De même nous devons nous opposer à ce que le conflit soit interprété et inscrit dans une vision religieuse du monde, que ce soit l’axe du Bien contre celui du Mal absolu (non à M. Netanyahou, non à l’Iran théocratique et à tous ceux qui appellent à « tuer des Juifs » ! ) ou la défense des terres sacrées d’Israël contre celles de l’ « Intifada El Aqsa ». Il nous faut maintenir la compréhension et la résolution politique de ce conflit, pour amener chacun des protagonistes à prendre ses responsabilités.
Que pouvons nous faire, en France ?
Les droits de l’homme, comme le droit international, peuvent et doivent aujourd’hui continuer de fournir une base de principes communs, mais l’on ne peut se contenter d’appeler au respect du droit si celui-ci ne vient pas en appui d’une action politique. Comment, aujourd’hui, réorienter celle-ci vers la recherche de la paix ?
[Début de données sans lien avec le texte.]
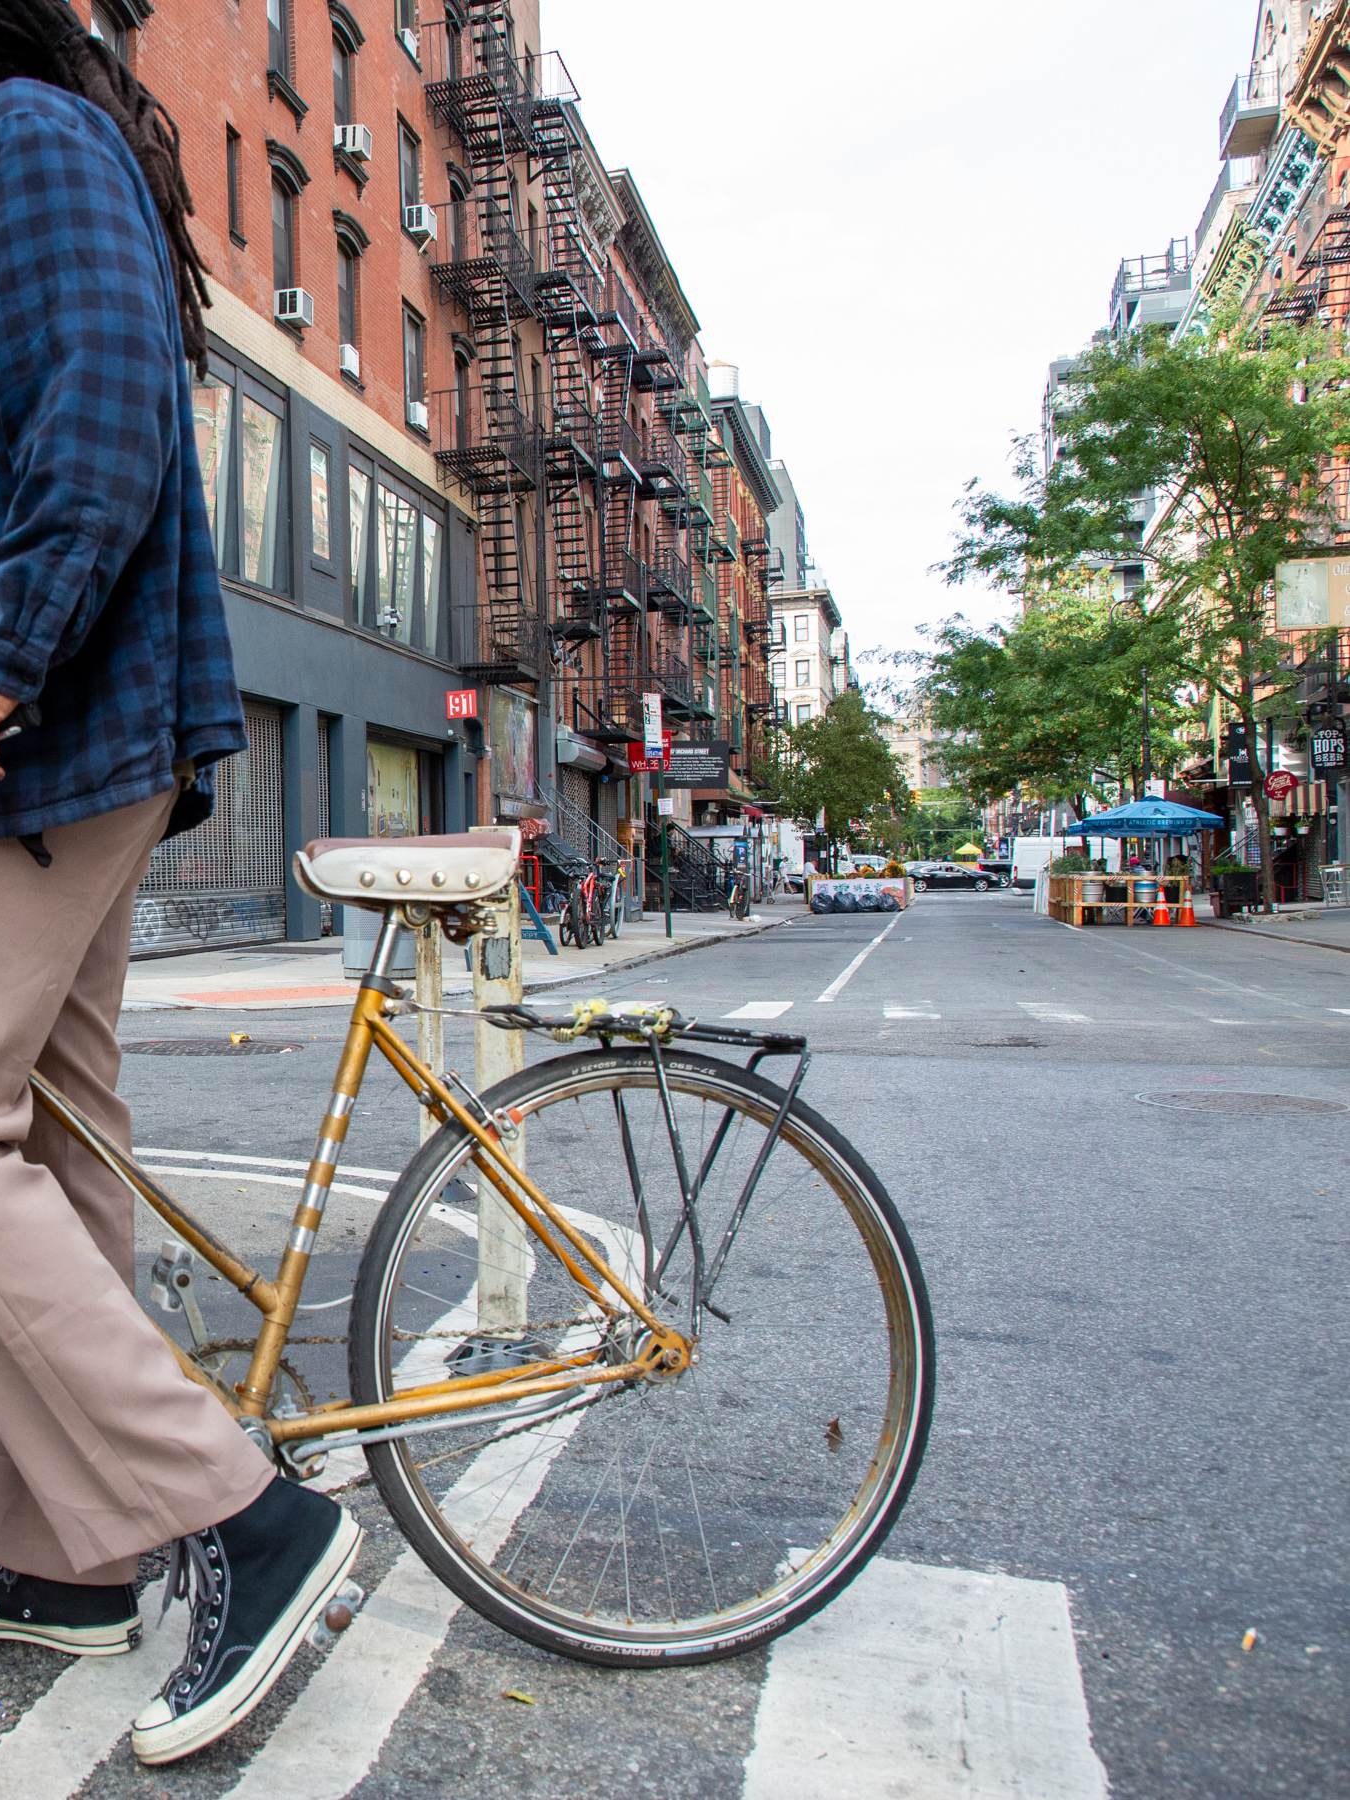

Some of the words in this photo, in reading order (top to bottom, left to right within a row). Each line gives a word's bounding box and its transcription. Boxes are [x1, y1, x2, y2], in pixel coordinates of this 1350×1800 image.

Les difficultés, les obstacles sont nombreux. Mais il est certain que tout commence par la reconnaissance de la légitimité de l’existence de l’autre, et la recherche des interlocuteurs aptes à entrer en dialogue. Si nos gouvernants empruntent les voies de la diplomatie, quels chemins pouvons-nous, citoyens de France de tous bords, réinventer et emprunter pour poser la paix comme horizon, là bas, mais aussi ici en France ? Comment faire pour que les associations « pro-palestiniennes » et « pro-israéliennes » se rencontrent et s’écoutent – et pour qu’on les entende ? Pourrait-on inviter en France, conjointement, des militants de la paix israéliens et palestiniens ? Lancer un appel à tous les progressistes de Palestine, des pays arabes et d’Israël à imaginer les voies de la paix ? En France des associations existent déjà, qui promeuvent ces dialogues : Les Guerrières de la Paix, où se rassemblent des femmes de tous horizons qui viennent en soutien aux femmes israéliennes et palestiniennes cherchant la paix, Parler en Paix, association strictement culturelle où l’on apprend ensemble l’hébreu et l’arabe, ou encore l’Amitié judéo-musulmane de France. Quelles autres pierres pouvons-nous poser, concrètement, pour reconstruire cet horizon commun ? Qui est prêt à relever, aujourd’hui, ce défi de construire et consolider les dialogues ?
Rachid Benzine, Islamologue, écrivain.
Anne-Lorraine Bujon, Directrice de la rédaction, Revue Esprit
Martine Cohen, Sociologue, membre de la Ligue des Droits de l’homme et de La Paix Maintenant.